10th December 2019

Dear Laura, 

Well, that was a bit, er..um. Yes well. “In delirium tremens est rectum” as my old housemaster used to say in the School’s wine cellar after being caught with his trousers down with a glossy magazine in one hand and his pulsing organ in the other. A good sort nonetheless. 

I never do like being caught by journalists with awkward questions and a few pictures. I should know, I made up a few stories in my time and helped arrange for a duffing up of a rather too inquisitive chap. But, I should care, really, about a child on the floor at some pleb’s hospital dedicated to the healing of the indigent, the rancid and the moral equivalent of the underclass’s skid marked undies? One moment of distraction and everyone goes all ‘sermon on the mount’ on my arse. Look, we had to cut the deficit, to stop uppity unions and the grubby working class from getting organised.
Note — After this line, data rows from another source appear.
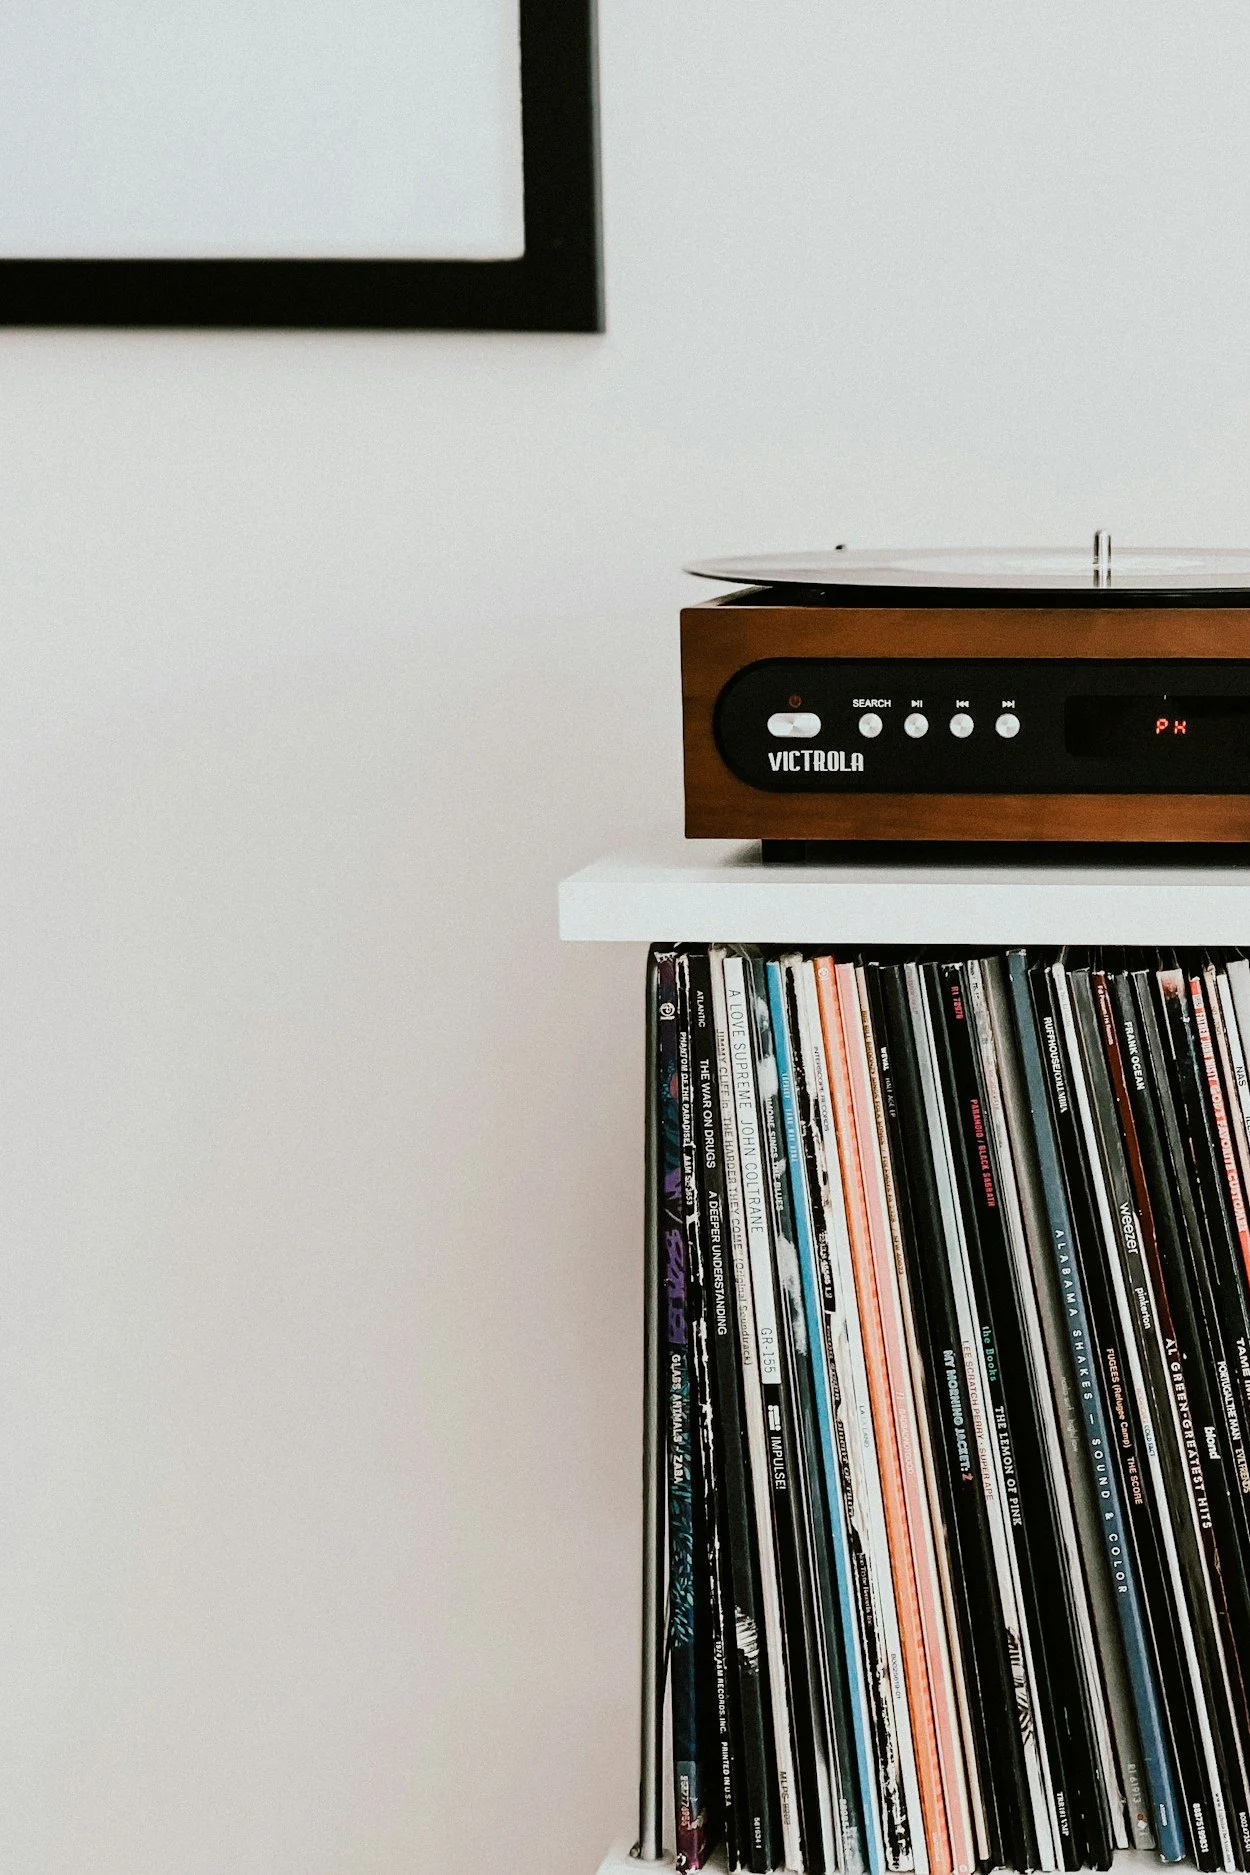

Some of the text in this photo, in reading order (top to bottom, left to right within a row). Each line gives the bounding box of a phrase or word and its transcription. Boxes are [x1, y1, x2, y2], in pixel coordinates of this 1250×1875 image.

[852, 699, 892, 708] SEARCH
[768, 751, 864, 771] VICTROLA
[696, 990, 706, 1027] ATLANTIC
[680, 1032, 688, 1070] PHANTOM
[880, 1047, 890, 1071] WEVAL
[1042, 1016, 1069, 1113] RUFFHOUSE/COLUMBIA
[1123, 1021, 1146, 1091] FRANK OCEAN
[719, 1067, 729, 1096] CLIFF
[814, 1047, 830, 1132] INTERSCOPE RECORDS
[1235, 1066, 1247, 1087] NAS
[683, 1103, 691, 1143] PARADISE
[722, 1099, 730, 1109] in
[729, 989, 765, 1233] A LOVE SUPREME JOHN COLTRANE
[1196, 1012, 1210, 1037] FATHER
[1217, 1121, 1237, 1170] FAVORITE
[1227, 1173, 1249, 1231] CUSTOMER
[726, 1140, 737, 1183] HARDER
[970, 1099, 996, 1207] PARANOID BLACK SABBATH
[699, 1059, 727, 1335] THE WAR ON DRUGS A DEEPER UNDERSTANDING
[729, 1187, 740, 1214] THEY
[1118, 1201, 1140, 1254] weezer
[1135, 1286, 1154, 1330] pinkerton
[761, 1327, 777, 1374] GR-155
[981, 1326, 999, 1382] the Books
[671, 1354, 685, 1483] GLASS ANIMALS ZABA
[859, 1406, 866, 1415] LA
[943, 1349, 972, 1472] MY MORNING JACKET:
[962, 1340, 994, 1501] LEE SCRATCH PERRY SUPER APE
[1055, 1229, 1128, 1594] ALABAMA SHAKES SOUND & COLOR
[1105, 1348, 1145, 1505] FUGEES (Refugee Camp) THE SCORE
[1228, 1419, 1242, 1441] MAN
[1144, 1425, 1153, 1441] COLD
[1165, 1337, 1213, 1529] AL HITS
[1203, 1426, 1222, 1459] blond
[770, 1436, 787, 1489] IMPULSE!
[994, 1406, 1024, 1527] THE LEMON OF PINK
[1234, 1448, 1247, 1464] EVIL
[722, 1742, 730, 1774] PRINTED
[724, 1777, 731, 1785] IN
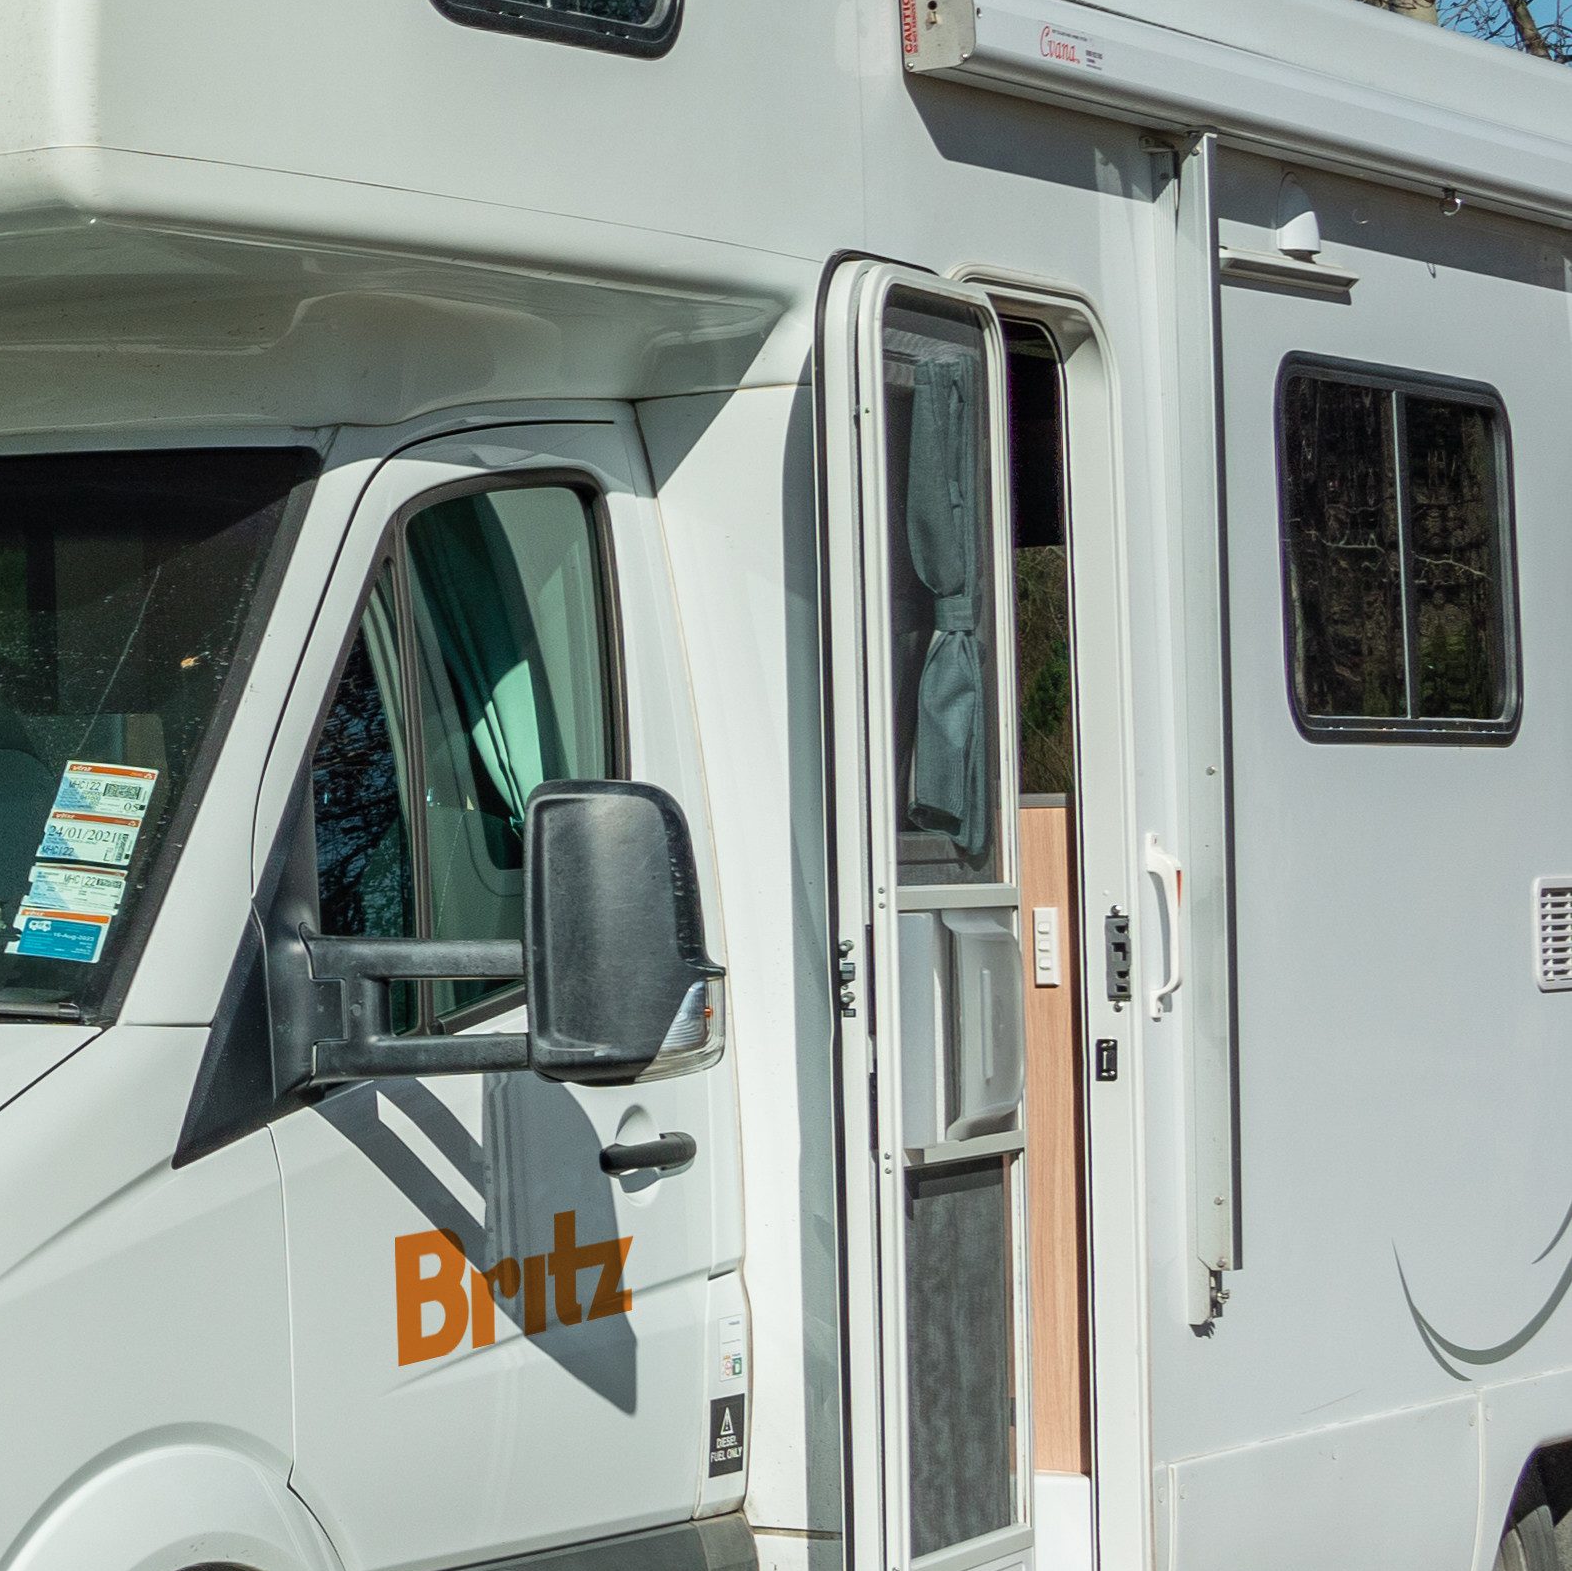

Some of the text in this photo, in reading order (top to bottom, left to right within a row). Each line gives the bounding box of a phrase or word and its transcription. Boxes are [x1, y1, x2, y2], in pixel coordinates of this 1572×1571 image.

[48, 825, 117, 843] 24/01/2021
[395, 1209, 634, 1367] Britz
[716, 1436, 738, 1449] DIESEL
[710, 1446, 743, 1463] FUEL ONLY
You and I both know that private health insurance is the way to go, and if the odd patient should spend a few nights sleeping in a skip, instead of being in the tender care of a bit of totty nurse, that should be lesson that the NHS is indeed better off in private hands. 

That video clip made it look like I did not care. Spot on. I was thinking about you in a nurse’s uniform of starched white apron, black stockings, bending over with a cheeky grin and short skirt, pouting “Go on Boris, Get Laura Done. Unleash the potential of Johnson’s Johnson” . Thats why I did not look at the bloody picture. 

Yours in anticipation and with thanks, 

Alexander Boris de Pfeffel Johnson. 

PS Dom thinks you are a hot, and on Friday would like to meet up for a ‘drink’ (if you get my drift).